En outre, une décision délibérée affectant l'horizon de quelqu’un constitue une réalisation remarquable. La plupart des gens, en effet, se laissent dériver vers un horizon communément accepté, sans se rendre compte qu'il existe un grand nombre d'horizons. Ne faisant pas usage de leur liberté verticale, ils ne sortent pas de l'horizon dont ils héritent, pour passer à un autre dont ils auraient découvert la supériorité.

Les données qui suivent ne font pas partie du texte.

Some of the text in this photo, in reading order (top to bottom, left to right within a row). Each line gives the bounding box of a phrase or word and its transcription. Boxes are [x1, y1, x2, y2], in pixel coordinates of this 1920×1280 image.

Enfin, bien que la conversion soit un événement éminemment personnel, elle n'est pas pour autant un événement strictement privé. Certes, les individus apportent leur contribution à cet élargissement des horizons, mais c'est uniquement à l'intérieur du groupe social que ces éléments font corps et seules des traditions centenaires préparent l'apparition de développements notables. Savoir que la conversion est religieuse, morale et intellectuelle, discerner une conversion authentique d'une conversion inauthentique, en reconnaître la différence à leurs fruits respectifs – « c'est à leurs fruits que vous les reconnaîtrez » – tout cela demande une qualité de sérieux et une sagesse pleine de maturité que le groupe social ne saurait atteindre ou conserver facilement.

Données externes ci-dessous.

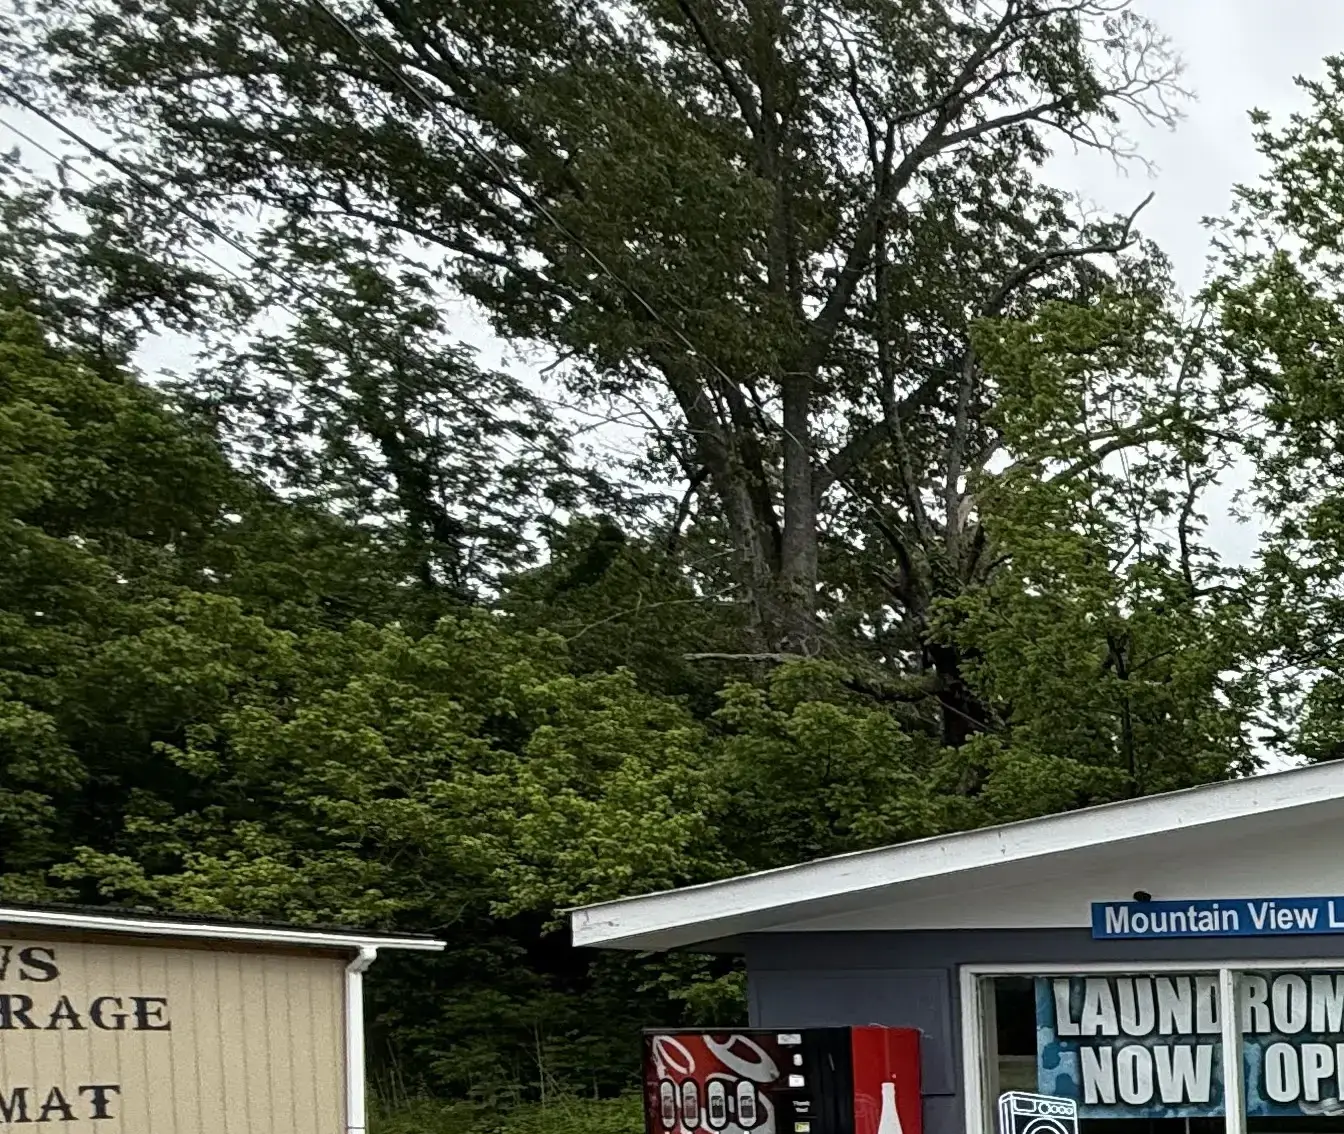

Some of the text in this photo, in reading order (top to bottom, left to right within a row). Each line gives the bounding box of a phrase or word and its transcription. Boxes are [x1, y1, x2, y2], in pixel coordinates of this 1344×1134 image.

[1104, 902, 1240, 935] Mountain
[1247, 901, 1319, 931] View
[1080, 1044, 1213, 1105] NOW

Il s'ensuit que la conversion implique plus qu'un changement d'horizon. Cela peut signifier que l'on commence à appartenir à un groupe social différent, ou encore, si ce groupe reste le même, que l'on commence à lui appartenir d'une manière nouvelle. De plus, le groupe en question rendra témoignage à son ou à ses fondateurs, dont il tient et préserve la qualité de sérieux et la sagesse pleine de maturité. Enfin, le témoignage qu'il portera sera efficace dans la mesure où le groupe ne se consacrera pas à ses propres intérêts, mais plutôt au bien-être de l'humanité. Quant à savoir comment le groupe est constitué, à quel fondateur il rend témoignage et quels services il offre à l'humanité, ces questions ne relèvent pas de la cinquième fonction constituante de la théologie – l'explicitation des fondements – mais plutôt de la sixième – l'établissement des doctrines.

2. Le caractère adéquat de la réalité fondatrice

On peut concevoir les fondements de deux manières tout à fait différentes. La manière simple, c'est de les concevoir comme un ensemble de prémisses, de propositions logiquement premières. La manière complexe, c'est de les concevoir comme ce qui vient en premier dans un ensemble ordonné. Si cet ensemble ordonné consiste en propositions, ce qui vient en premier, ce sont les propositions logiquement premières. S'iI s'agit plutôt d'une réalité en évolution et en développement, ce qui vient en premier, c'est l'ensemble des normes immanentes et opérantes qui guident tout pas en avant que l'on fait au cours du processus.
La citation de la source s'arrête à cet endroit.